**Exercise**
Could you output the listing that follows exactly, without its images?

**Extracted records**
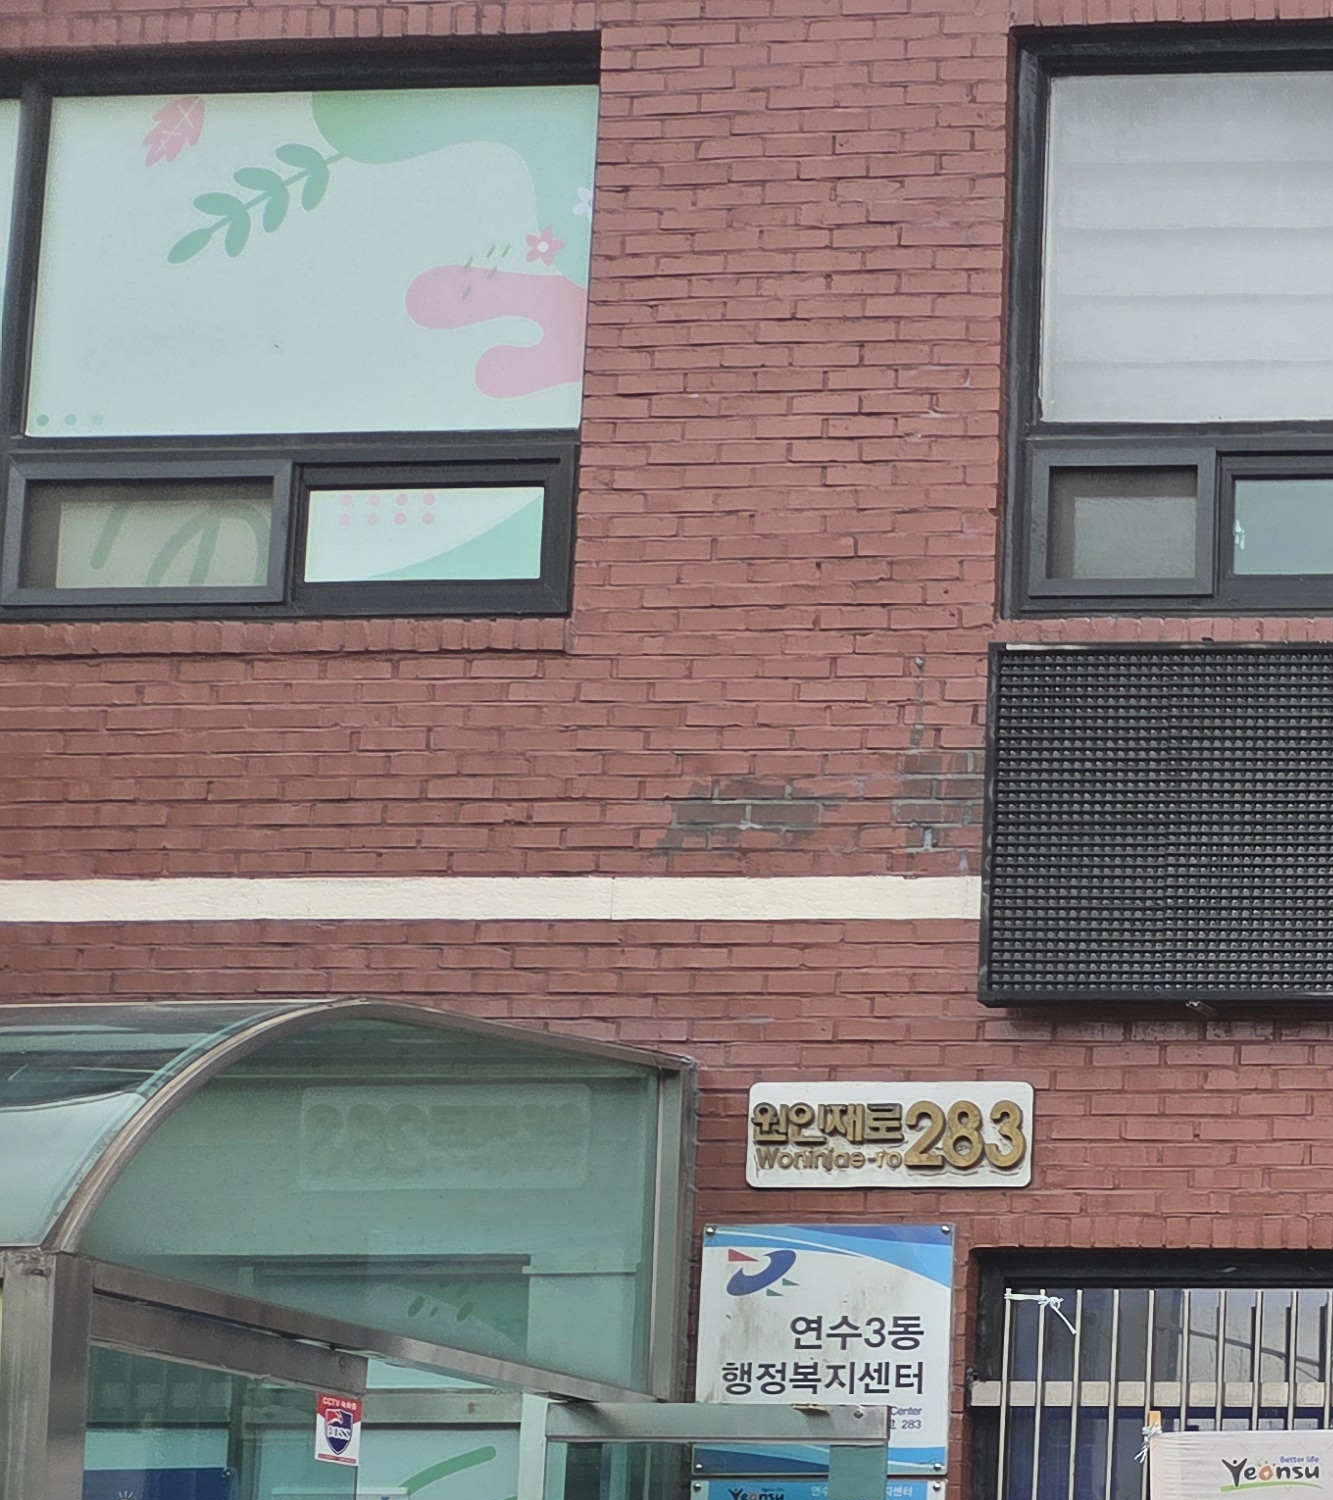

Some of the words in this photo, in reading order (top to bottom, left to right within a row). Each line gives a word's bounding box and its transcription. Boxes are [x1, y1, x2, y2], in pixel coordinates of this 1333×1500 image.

[752, 1102, 903, 1144] 원인재로
[904, 1099, 1026, 1169] 283
[757, 1148, 903, 1171] Woninjae-ro
[790, 1315, 925, 1350] 연수3동
[722, 1361, 924, 1395] 행정복지센터
[902, 1420, 921, 1429] 283
[1221, 1458, 1320, 1488] Yeonsu
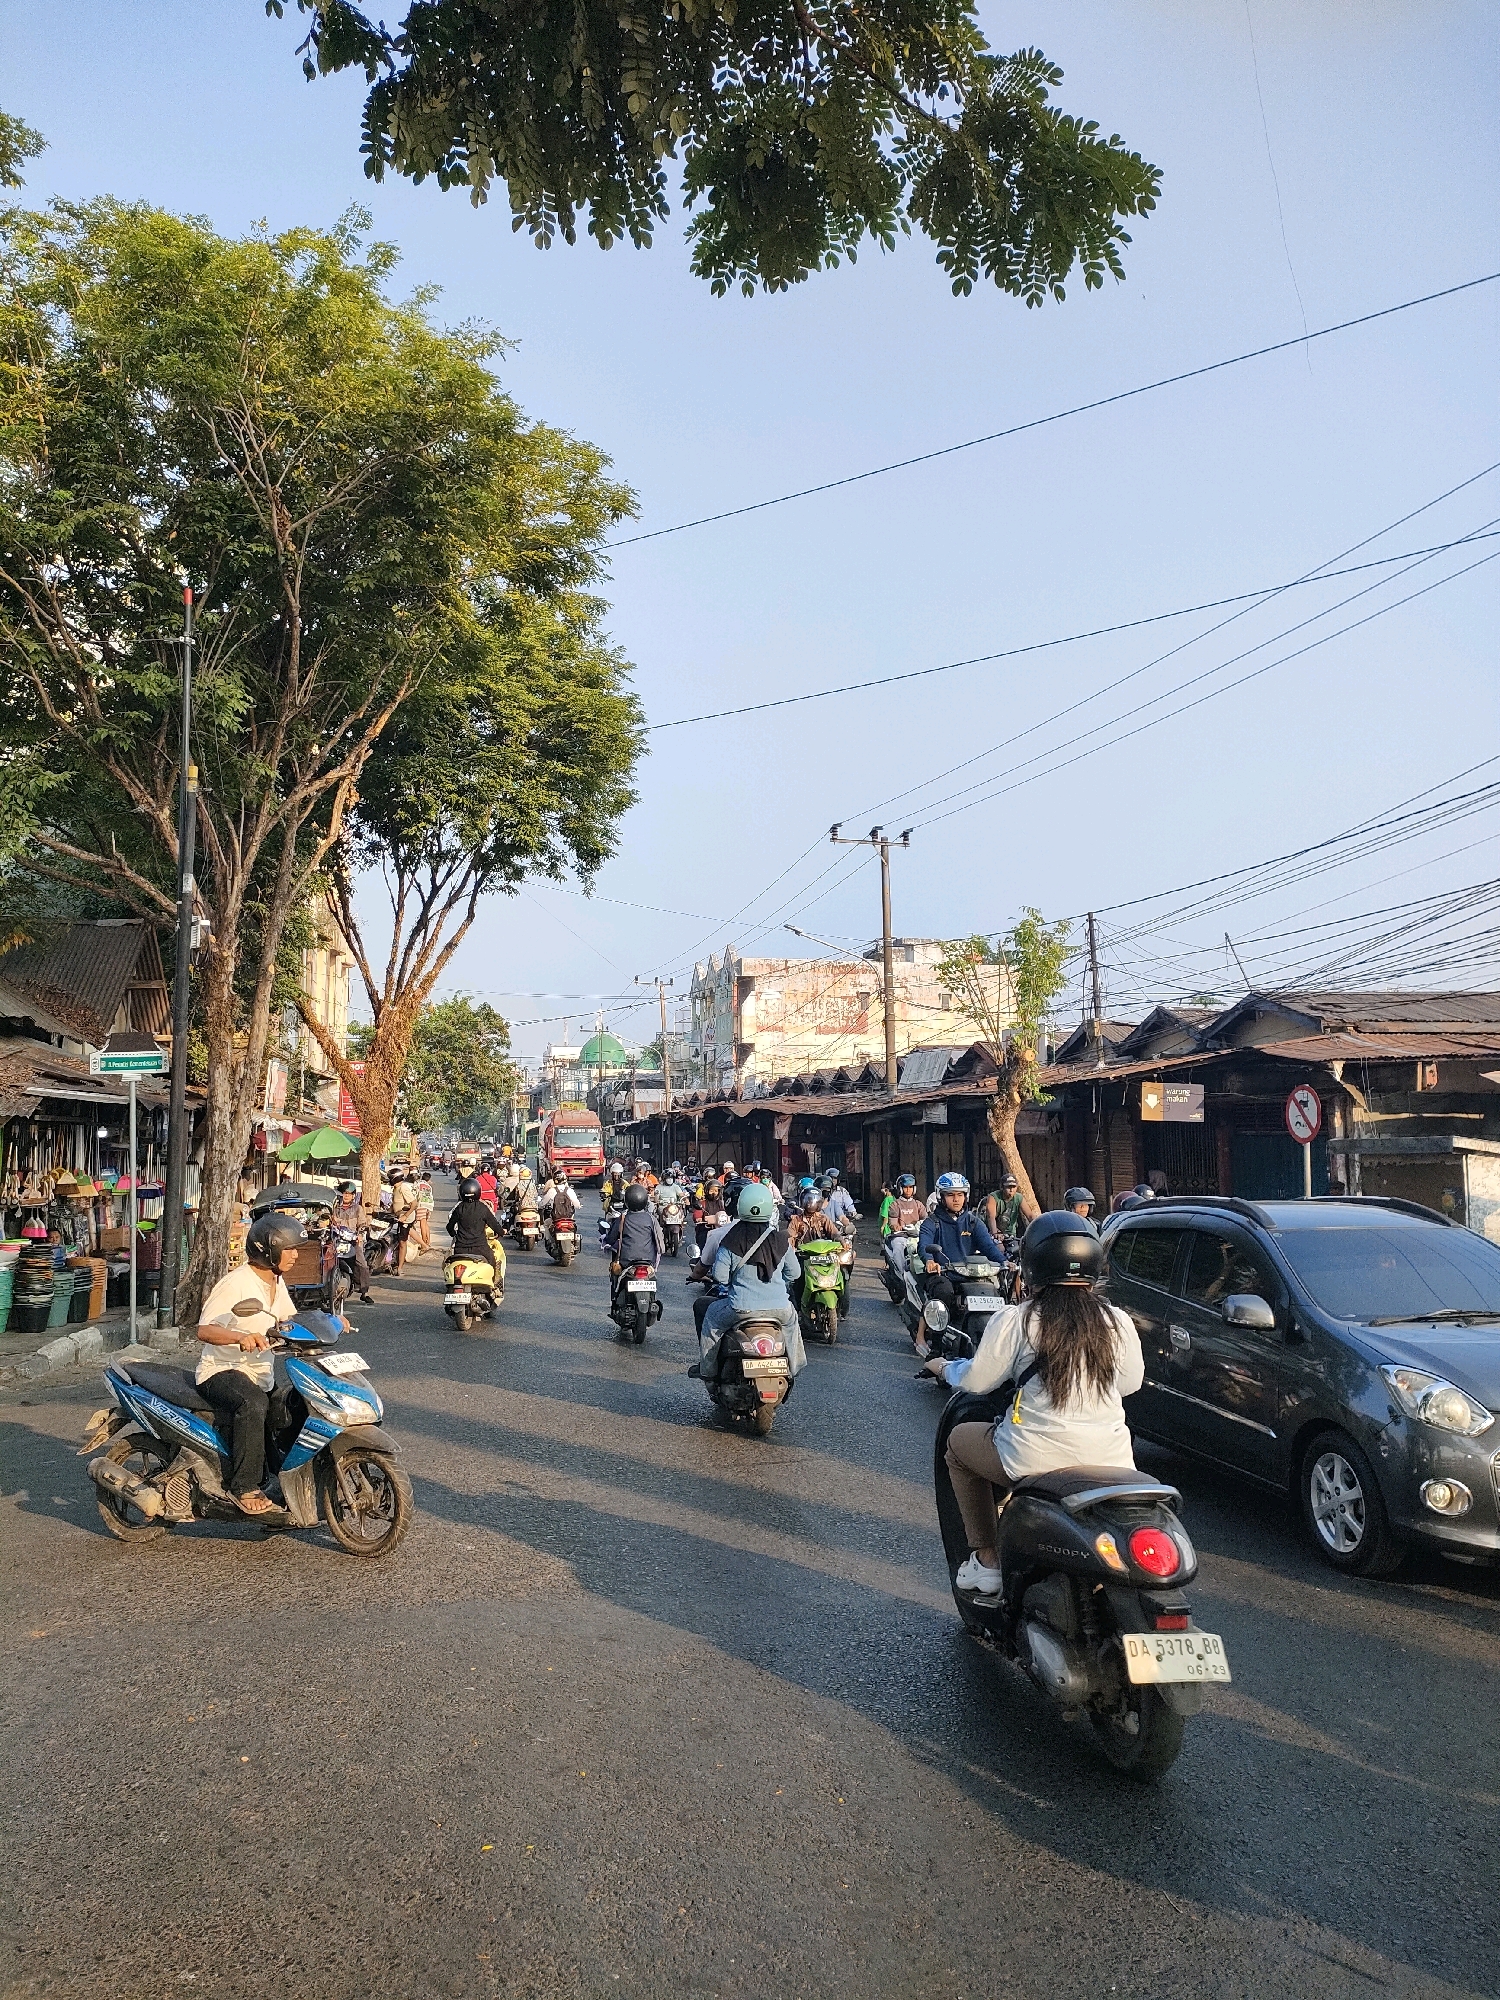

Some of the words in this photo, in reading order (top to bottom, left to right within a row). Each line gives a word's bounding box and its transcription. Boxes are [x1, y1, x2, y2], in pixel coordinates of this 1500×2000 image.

[1166, 1089, 1191, 1097] warung
[1166, 1095, 1188, 1103] makan
[151, 1396, 191, 1429] VARIO
[1038, 1543, 1090, 1559] SCOOPY
[1128, 1639, 1151, 1658] DA
[1156, 1638, 1195, 1656] 5378
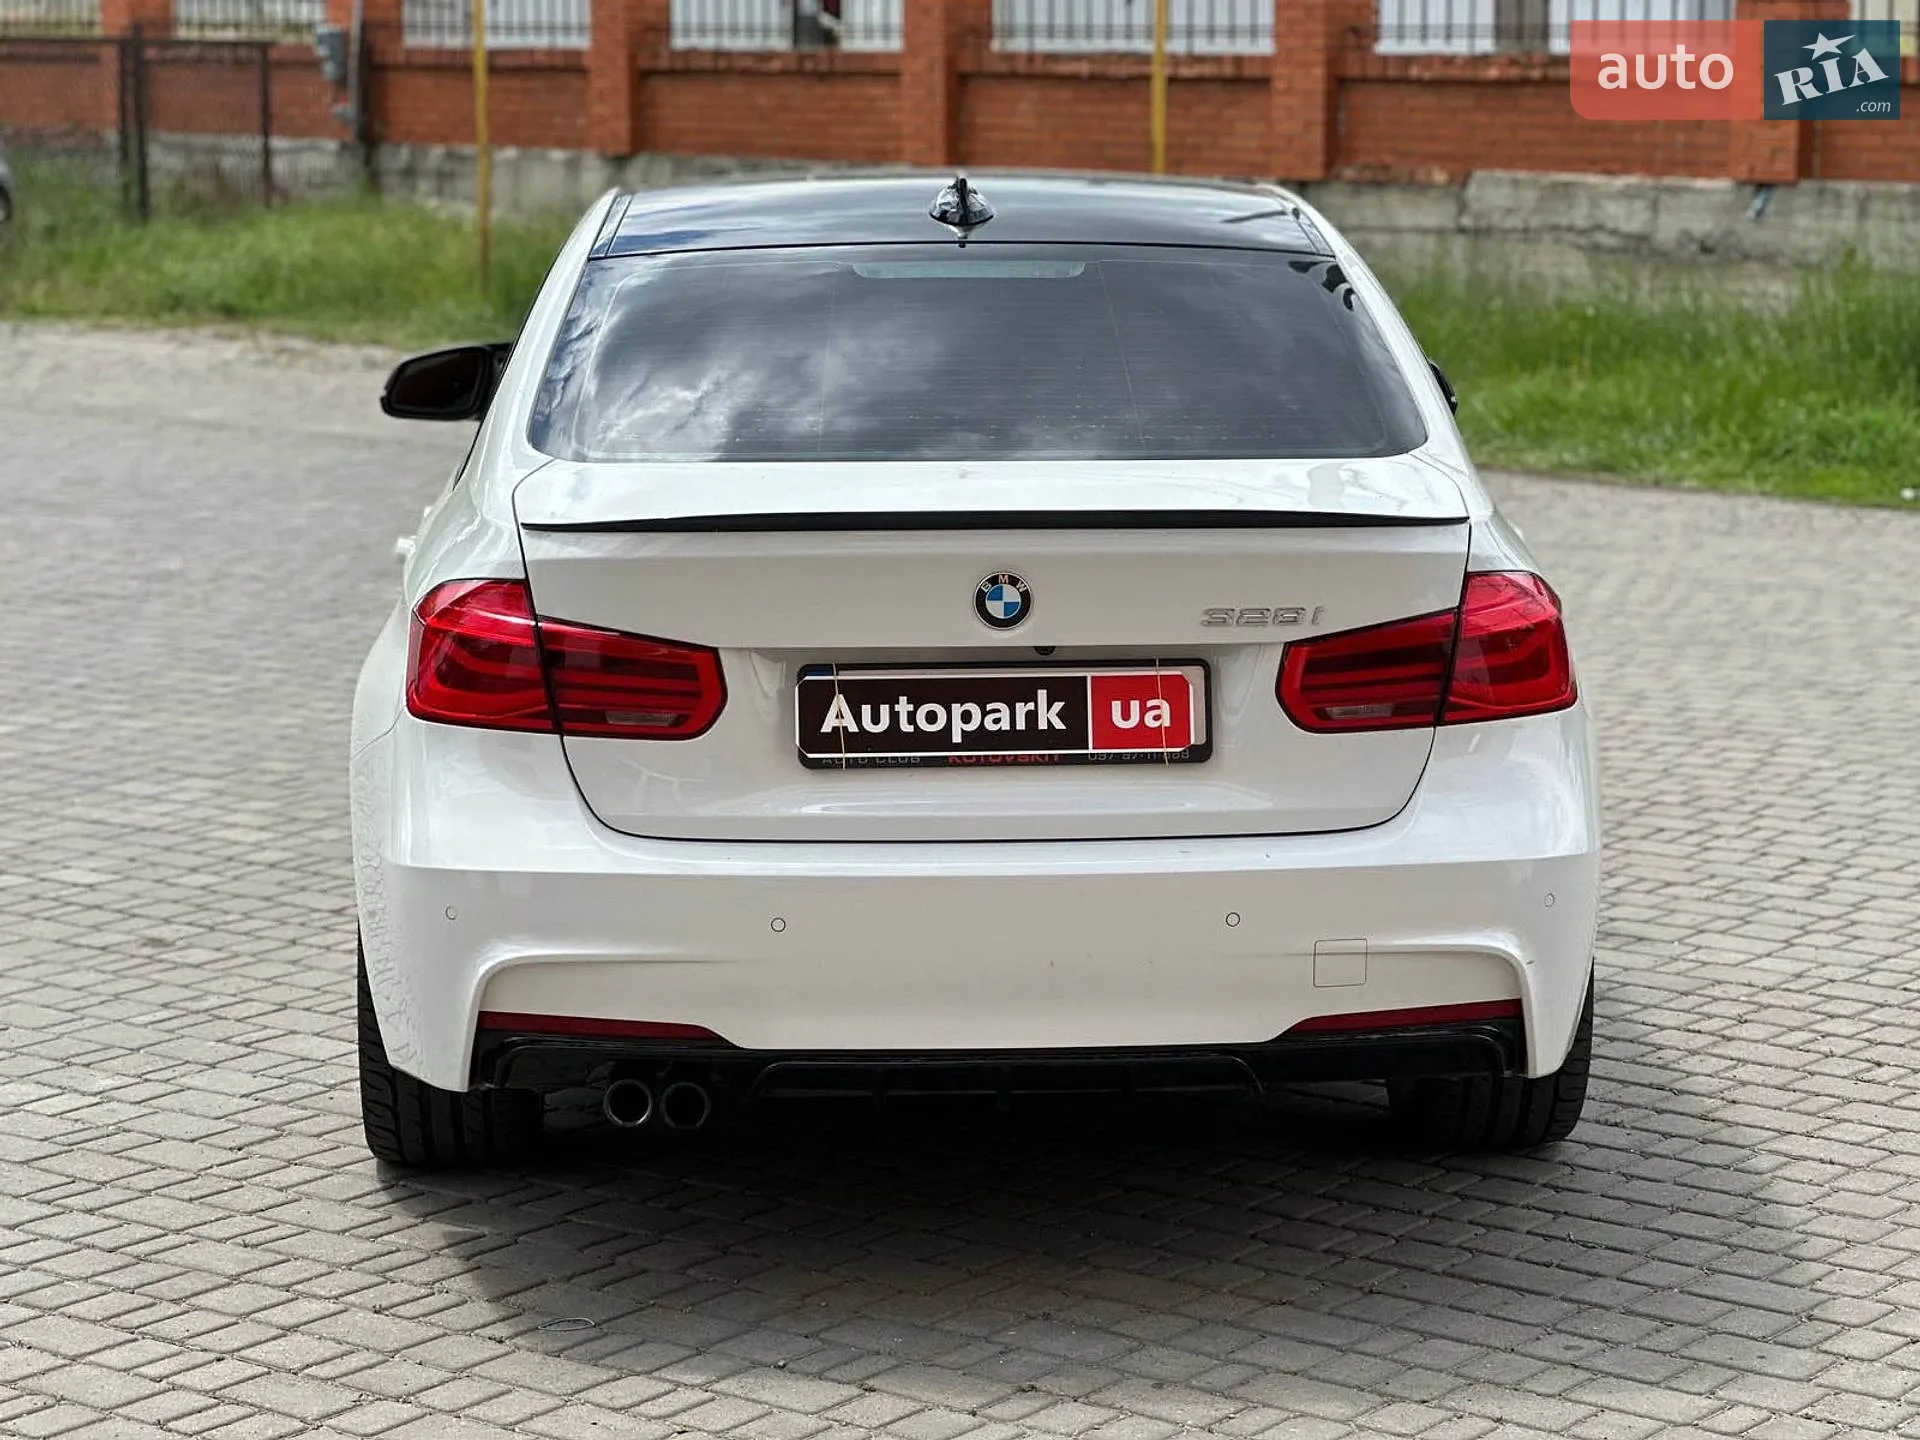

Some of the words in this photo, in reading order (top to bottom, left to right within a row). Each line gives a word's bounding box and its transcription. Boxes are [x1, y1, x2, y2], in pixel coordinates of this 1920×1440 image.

**Exercise answer**
Some of the words in this photo, in reading order (top to bottom, left to right within a row). Each line gives a word's bounding box and its transcription. Boxes are [x1, y1, x2, y2], in pixel coordinates of this 1333×1500 image.

[752, 1102, 903, 1144] 원인재로
[904, 1099, 1026, 1169] 283
[757, 1148, 903, 1171] Woninjae-ro
[790, 1315, 925, 1350] 연수3동
[722, 1361, 924, 1395] 행정복지센터
[902, 1420, 921, 1429] 283
[1221, 1458, 1320, 1488] Yeonsu

Some of the words in this photo, in reading order (top to bottom, left to right within a row). Each line gives a word's bounding box and its transcription. Boxes are [x1, y1, x2, y2], in pixel coordinates of this 1500×2000 image.

[1166, 1089, 1191, 1097] warung
[1166, 1095, 1188, 1103] makan
[151, 1396, 191, 1429] VARIO
[1038, 1543, 1090, 1559] SCOOPY
[1128, 1639, 1151, 1658] DA
[1156, 1638, 1195, 1656] 5378

Some of the words in this photo, in reading order (top to bottom, left to right within a row). Each line gives a word's bounding box and its transcription. Boxes are [x1, y1, x2, y2], in pixel coordinates of this 1920×1440 image.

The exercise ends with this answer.